And -- and therefore, we have to treat each other as absolutely irreplace-

able. And we can never be expressed by numbers. And nothing what can be expressed by numbers seems to come under your notion of reason. And therefore, Sir, since your reason only applies to things, and my reason applies to people, there is no compromise possible.

(I'm raising -- I'm raising is the -- greater -- and I hope it's the greater question. I'm raising the question then of not just the mechanical rationalism of life, but I'm saying there must be a context in which you'd say -- which you will conclude that life tends to be orderly or harmonious. And forgetting about the mechanical beast, and -- behind what you say about the future, about man moving on towards some path -- in some path towards some goal, there must be a sense of order, a sense of balance. But there -- the way we are going is -- I like to use the word in an orderly, methodical way, that we are not -- we have a kind of obligation. I'm saying now from whence does come your notion that life becomes -- becomes now harmonious?)

It doesn't become harmonious, but life becomes explicit.

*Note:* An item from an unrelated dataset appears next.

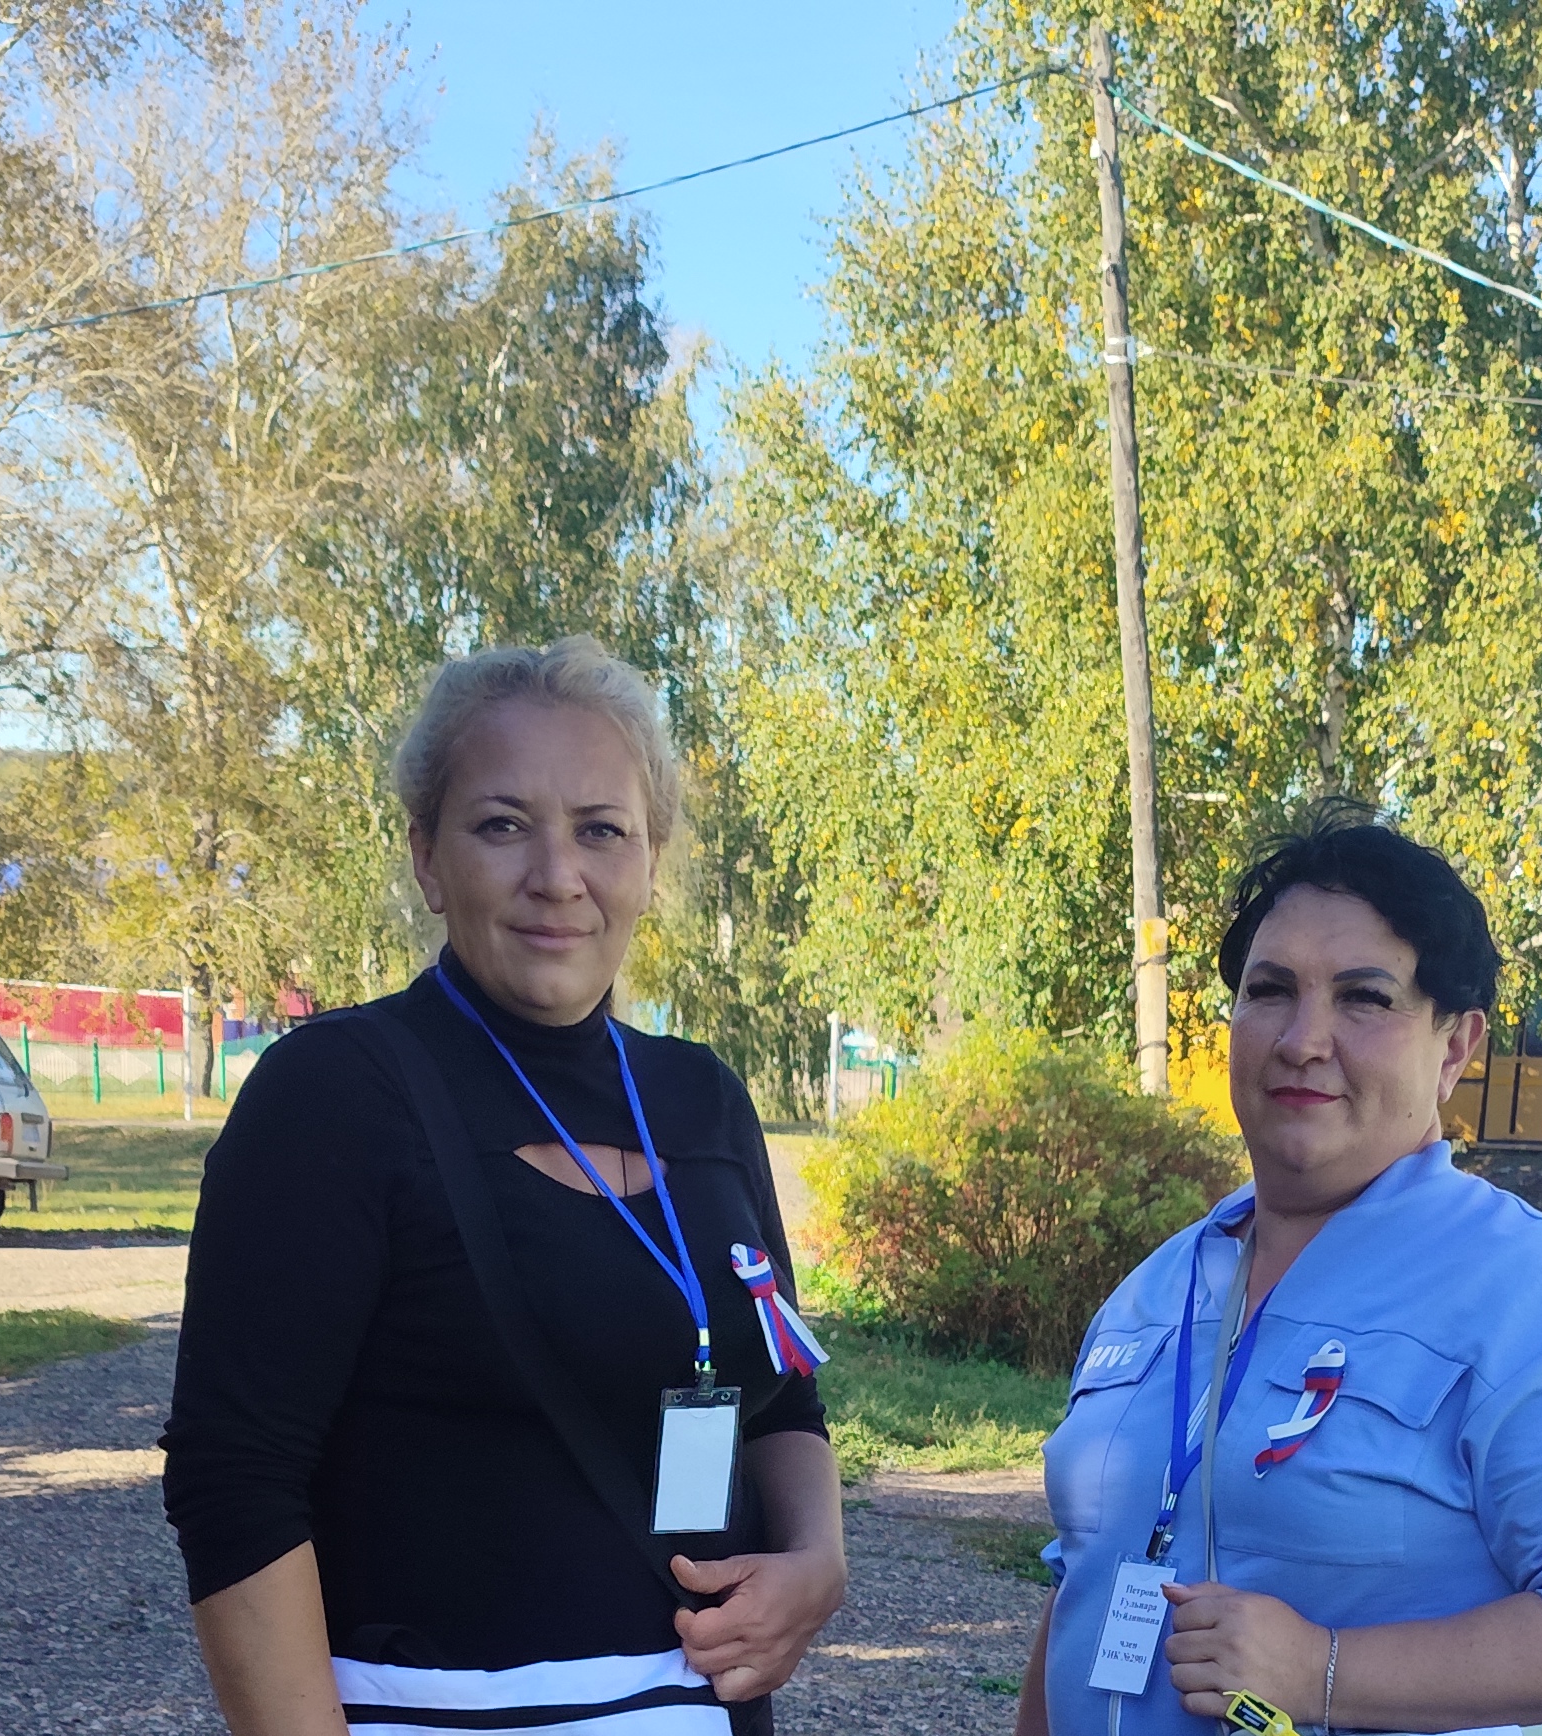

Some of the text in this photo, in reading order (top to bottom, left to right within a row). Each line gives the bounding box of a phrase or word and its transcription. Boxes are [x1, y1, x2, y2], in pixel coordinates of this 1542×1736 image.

You see, love, when it reaches a certain stage of maturity, has to be declared. Order, when it becomes conscious, has to be made into law. Our process is one of articulation, as I tried to s- -- tell you: it is incarnation. The more and more life goes on, the more it wants to become explicit. Peace has to be concluded. Love has to be declared. Laws have to be stated. And since all rationalists omit this whole process of becoming explicit, and think that's just looking at things, in an analysis, because things do not hear what we say about them, but you see, I have to speak to this audience in such a way that you understand that I'm speaking to you, that you can accept this, more or less, even -- under protest, because you feel that I'm -- at the same time that I'm trying to be explicit or -- over the truth, trying to speak to you. No rationalist has any explanation what it means to speak to people. He's -- thinks he -- puts some equation on the blackboard and then everybody, you see, is under this equation, is -- contained. I'm not interested in this kind of thinking. That's all only good for chemicals.

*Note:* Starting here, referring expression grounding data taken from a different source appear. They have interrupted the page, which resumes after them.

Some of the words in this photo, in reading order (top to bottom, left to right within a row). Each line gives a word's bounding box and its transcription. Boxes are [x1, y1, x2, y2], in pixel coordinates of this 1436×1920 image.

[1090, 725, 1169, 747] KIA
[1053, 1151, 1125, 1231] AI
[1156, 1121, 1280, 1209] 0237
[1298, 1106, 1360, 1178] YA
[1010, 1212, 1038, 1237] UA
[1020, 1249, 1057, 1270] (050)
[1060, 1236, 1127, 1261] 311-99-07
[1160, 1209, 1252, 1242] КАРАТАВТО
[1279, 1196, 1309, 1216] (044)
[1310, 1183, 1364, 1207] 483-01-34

(Here -- here is the question. I can see it very clearly now. The question -- I'm sorry, a part of reason. If you say we are in -- we have some degree of right, of freedom to choose either evil or good, that this is our position when we face the future, either -- either to meet it or to shy away from it and walk back into the forest. The question is now, by what -- by what philosophy, mode of thought do you conclude that is in the nature of man or is the duty of man to choose the good. And from whence comes the notion -- your notion of good?)

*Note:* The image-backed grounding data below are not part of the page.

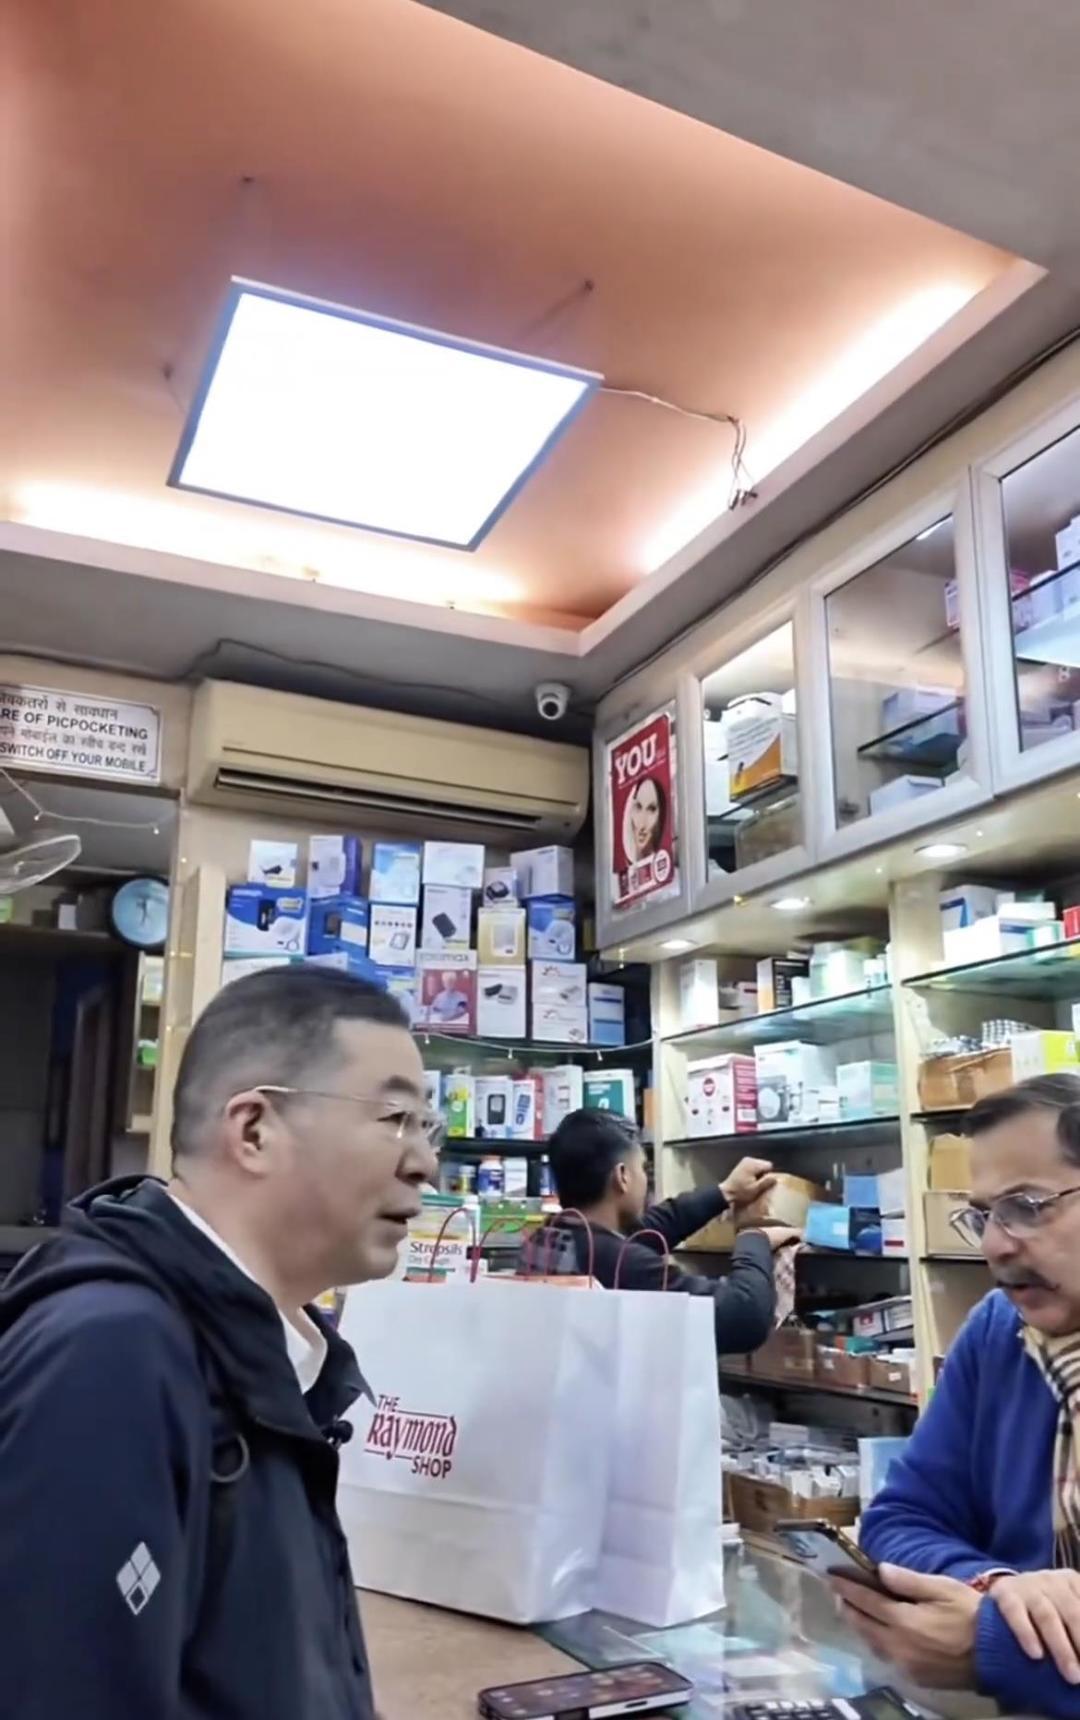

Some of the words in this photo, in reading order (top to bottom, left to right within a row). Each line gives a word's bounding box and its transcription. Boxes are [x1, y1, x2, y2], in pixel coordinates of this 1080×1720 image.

[0, 708, 19, 721] RE
[24, 711, 44, 724] OF
[47, 715, 148, 740] PICPOCKETING
[0, 742, 44, 758] SWITCH
[46, 748, 68, 760] OFF
[71, 752, 103, 765] YOUR
[105, 757, 146, 772] MOBILE
[614, 733, 658, 785] YOU
[378, 1394, 400, 1412] THE
[366, 1413, 457, 1459] Raymond
[411, 1455, 452, 1479] SHOP

I never use the term "good."

(But a man is --.)

I have never asked you to say anything is good or anything is evil.

(Man is free -- then man is fr- -- -oo- -- free to choose an evil world, and build an evil world, and we have no basis -- basis by which to -- .)

We don't build. We are created, Sir. We are in the process of being created. And we have just to either be wiped out from the surface -- off from the surface of the world, or entering into this process of creation that our maker is in process of completing through, and with, and in us. And your whole attitude, you see, of good, and evil, and so, is quite foreign to my thinking. I'm not a moralist. I'm an historian, who thinks that history is the -- the continuation of the history of creation, and that we ourselves are constantly created, that the being today, as we sit here, is an exact continuation of the last 7,000 years of the history of creation; and we therefore have already our goal, the solidarity of the human race, revealed to us long before you and I have been born. You have no -- you can -- you can destroy this, or you can { }. That's your freedom.

(Isn't that now a mechanism, a process, a thing to be -- to be sent down the road, and he just runs as -- a kind of {machine}.)

Well, perhaps you read the first chapter of -- chap- -- Gospel of St. John, when you will see that the entering thing that you always omit is the living word. You can listen. You can obey. You can give orders. You can declare. And this is the trem- -- the third thing which you never take into consideration: the -- the peace between past and future is made by man's translation of the word into the necessities of the hour. We speak. And all naturalists, all rationalists omit this very simple fact that they speak to each other. Like John Quincy Adams' neighbor, who hears the other man speak to him, and implores him. And he must be -- would be -- have to be a stone or an electron, if he then wouldn't come to his rescue. And we move through mutual charity and understanding by listening to each other. So a father mends his ways because he sees the need of his son, and drops all his own plans. God re- -- -creates the world always in the sight of these -- the infamies we -- he commit, and He says, "Well I give them a new lease of life, because they are my children."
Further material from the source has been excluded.